**ASSIGNED TASK:** Write out the entries, please, from the line containing "Some of the words" through their final line, exactly and with nothing else.

**DATA TO USE:**

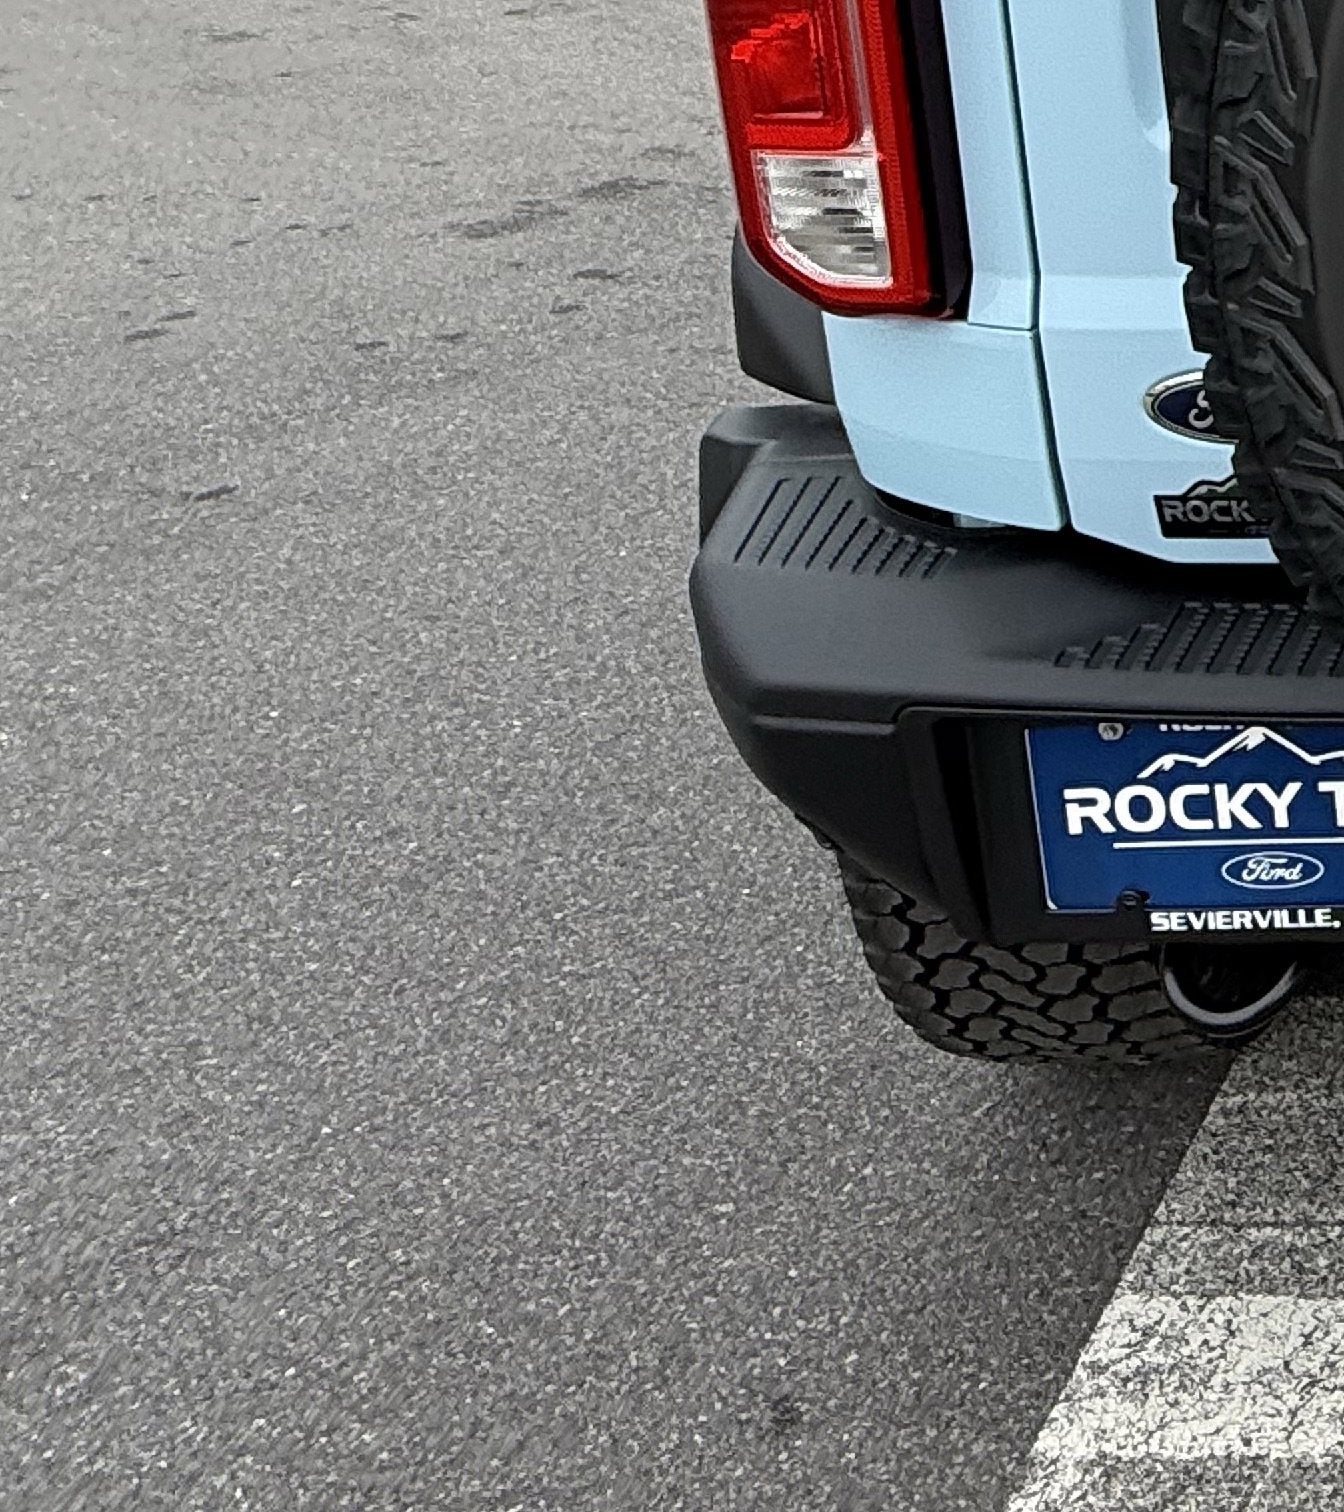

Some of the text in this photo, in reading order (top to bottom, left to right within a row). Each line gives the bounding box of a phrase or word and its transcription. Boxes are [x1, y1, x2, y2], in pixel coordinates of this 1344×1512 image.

[1161, 500, 1269, 523] ROCK
[1062, 780, 1302, 836] ROCKY
[1241, 854, 1304, 884] Ford
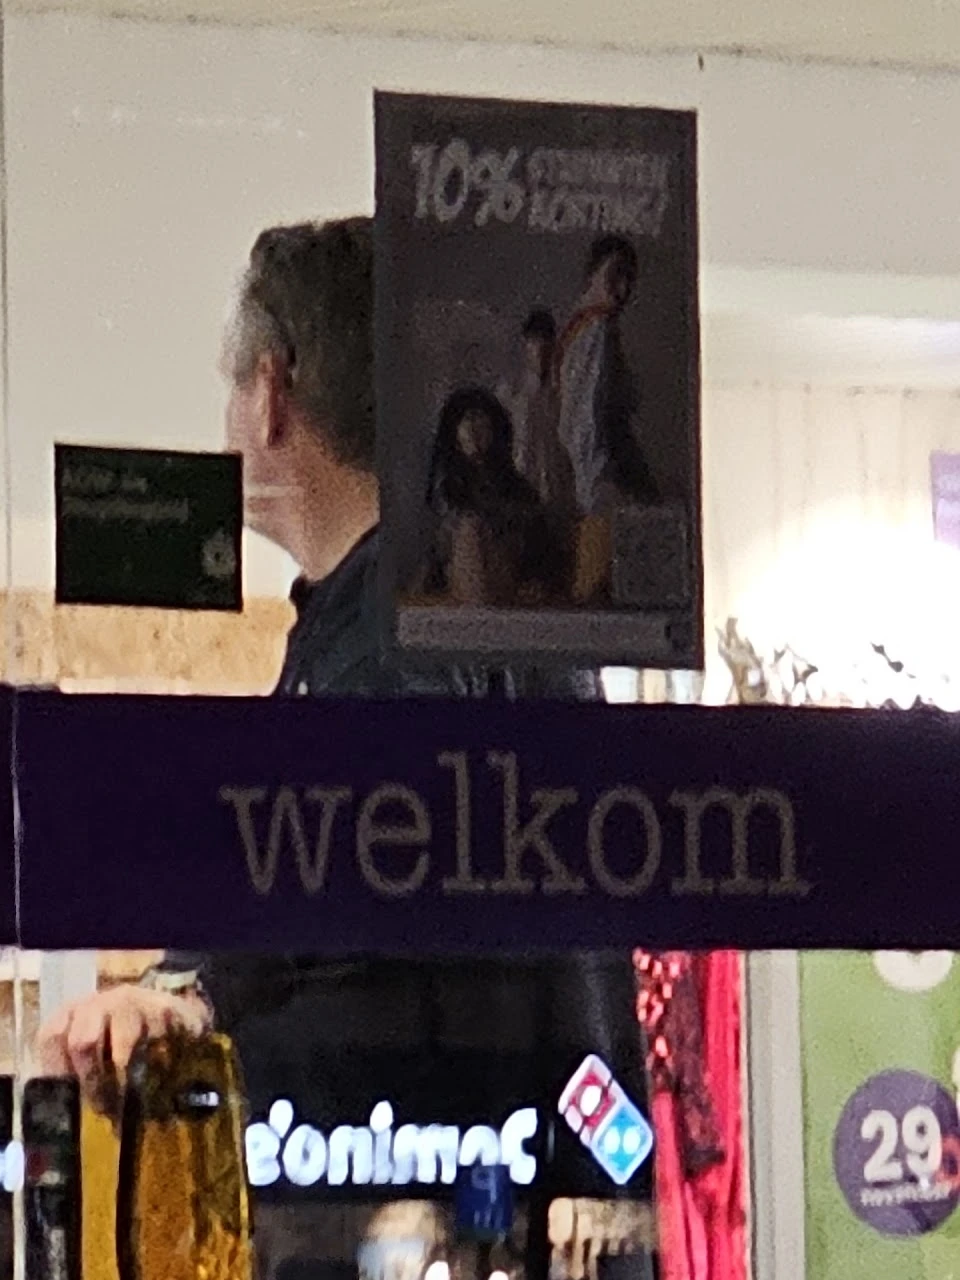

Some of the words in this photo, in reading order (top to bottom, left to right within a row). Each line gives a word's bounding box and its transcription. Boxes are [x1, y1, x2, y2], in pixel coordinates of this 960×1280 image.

[410, 138, 526, 227] 10%
[216, 749, 814, 898] welkom
[860, 1104, 943, 1183] 29

**EXERCISE SOLUTION:**
Some of the words in this photo, in reading order (top to bottom, left to right within a row). Each line gives a word's bounding box and its transcription. Boxes are [x1, y1, x2, y2], in pixel coordinates of this 960×1280 image.

[410, 138, 526, 227] 10%
[216, 749, 814, 898] welkom
[860, 1104, 943, 1183] 29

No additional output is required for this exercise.